NLP is a practically oriented collection of methods for better understanding of oneself and others, for influencing people, and, possibly, for rapid changing of own or others' behavioral and psychophysiological patterns. The book covers filtering, rapport, pacing and leading, representational systems, submodalities, accessing cues, elicitation, calibration, anchoring, feedback, learning loops, levels of learning, beliefs, various linguistic patterns, reframing, timelines, conflict and congruence (incl. in business settings), psychotherapy, phobia cure, modeling, accelerated learning, and more.
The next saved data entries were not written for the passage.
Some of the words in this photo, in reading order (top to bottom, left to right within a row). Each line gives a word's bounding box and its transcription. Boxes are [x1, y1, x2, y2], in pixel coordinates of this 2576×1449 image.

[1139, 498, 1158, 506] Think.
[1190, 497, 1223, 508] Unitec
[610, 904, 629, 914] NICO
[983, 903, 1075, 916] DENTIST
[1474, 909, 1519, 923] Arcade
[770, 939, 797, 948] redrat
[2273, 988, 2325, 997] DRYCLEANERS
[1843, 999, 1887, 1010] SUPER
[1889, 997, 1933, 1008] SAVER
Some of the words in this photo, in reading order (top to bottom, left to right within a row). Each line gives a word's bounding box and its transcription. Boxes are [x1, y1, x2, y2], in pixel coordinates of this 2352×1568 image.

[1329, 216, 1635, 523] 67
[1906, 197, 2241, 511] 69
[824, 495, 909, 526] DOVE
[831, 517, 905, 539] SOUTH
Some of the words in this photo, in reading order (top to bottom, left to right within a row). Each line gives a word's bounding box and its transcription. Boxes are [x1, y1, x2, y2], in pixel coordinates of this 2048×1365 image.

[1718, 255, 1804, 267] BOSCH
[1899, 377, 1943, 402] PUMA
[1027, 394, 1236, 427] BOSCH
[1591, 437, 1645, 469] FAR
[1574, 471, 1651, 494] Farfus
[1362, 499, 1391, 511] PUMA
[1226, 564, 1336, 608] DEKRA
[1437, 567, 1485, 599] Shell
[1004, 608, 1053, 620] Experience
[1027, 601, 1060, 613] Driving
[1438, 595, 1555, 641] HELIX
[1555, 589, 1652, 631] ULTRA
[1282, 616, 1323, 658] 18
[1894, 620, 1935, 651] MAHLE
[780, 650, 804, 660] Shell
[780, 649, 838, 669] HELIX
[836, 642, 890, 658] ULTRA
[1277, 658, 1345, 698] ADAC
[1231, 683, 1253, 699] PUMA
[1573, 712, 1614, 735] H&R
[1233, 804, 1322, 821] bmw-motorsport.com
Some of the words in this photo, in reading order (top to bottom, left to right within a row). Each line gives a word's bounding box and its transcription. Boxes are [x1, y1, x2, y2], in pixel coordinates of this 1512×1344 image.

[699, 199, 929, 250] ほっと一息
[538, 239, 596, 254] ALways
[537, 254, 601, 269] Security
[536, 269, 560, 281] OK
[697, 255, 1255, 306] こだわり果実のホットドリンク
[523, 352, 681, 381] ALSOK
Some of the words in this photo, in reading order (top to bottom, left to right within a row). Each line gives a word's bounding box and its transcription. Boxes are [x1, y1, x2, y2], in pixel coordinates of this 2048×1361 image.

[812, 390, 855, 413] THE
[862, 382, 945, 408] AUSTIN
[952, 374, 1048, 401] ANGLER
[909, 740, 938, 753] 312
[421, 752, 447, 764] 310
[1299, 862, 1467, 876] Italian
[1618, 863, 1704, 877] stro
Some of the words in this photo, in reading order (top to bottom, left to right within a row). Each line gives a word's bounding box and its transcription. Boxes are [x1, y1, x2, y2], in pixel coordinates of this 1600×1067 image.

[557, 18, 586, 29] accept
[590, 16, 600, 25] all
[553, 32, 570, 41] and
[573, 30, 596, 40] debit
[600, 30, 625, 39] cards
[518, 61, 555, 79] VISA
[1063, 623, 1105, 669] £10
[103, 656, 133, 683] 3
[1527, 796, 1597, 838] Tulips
"Introducing NLP" is a dense book packed with information, drawing, obviously, mainly on the original works of Richard Bandler and John Grinder, but also adding some bits from others, too. Some people have said it's a bit dry and boring, but I personally liked it this way -- even though the proper working through the book took me quite some time, I felt a lot more knowledgeable afterwards, whereas the typical more easygoing books (such as the book I reviewed recently: "Crucial Conversations") sometimes tend to annoy me a bit with their excessive dilution and repetition.

Whereas the book is quite a good in-depth introduction to NLP, I would recommend to complement it with watching Richard Bandler's 10 hour video set "An Introduction to Neuro Hypnotic Repatterning", recorded at his seminar in Edinburgh. These entertaining videos drive the main points home a lot more efficiently and vividly than the book, but the latter, on the other hand, is a lot more detailed and practical.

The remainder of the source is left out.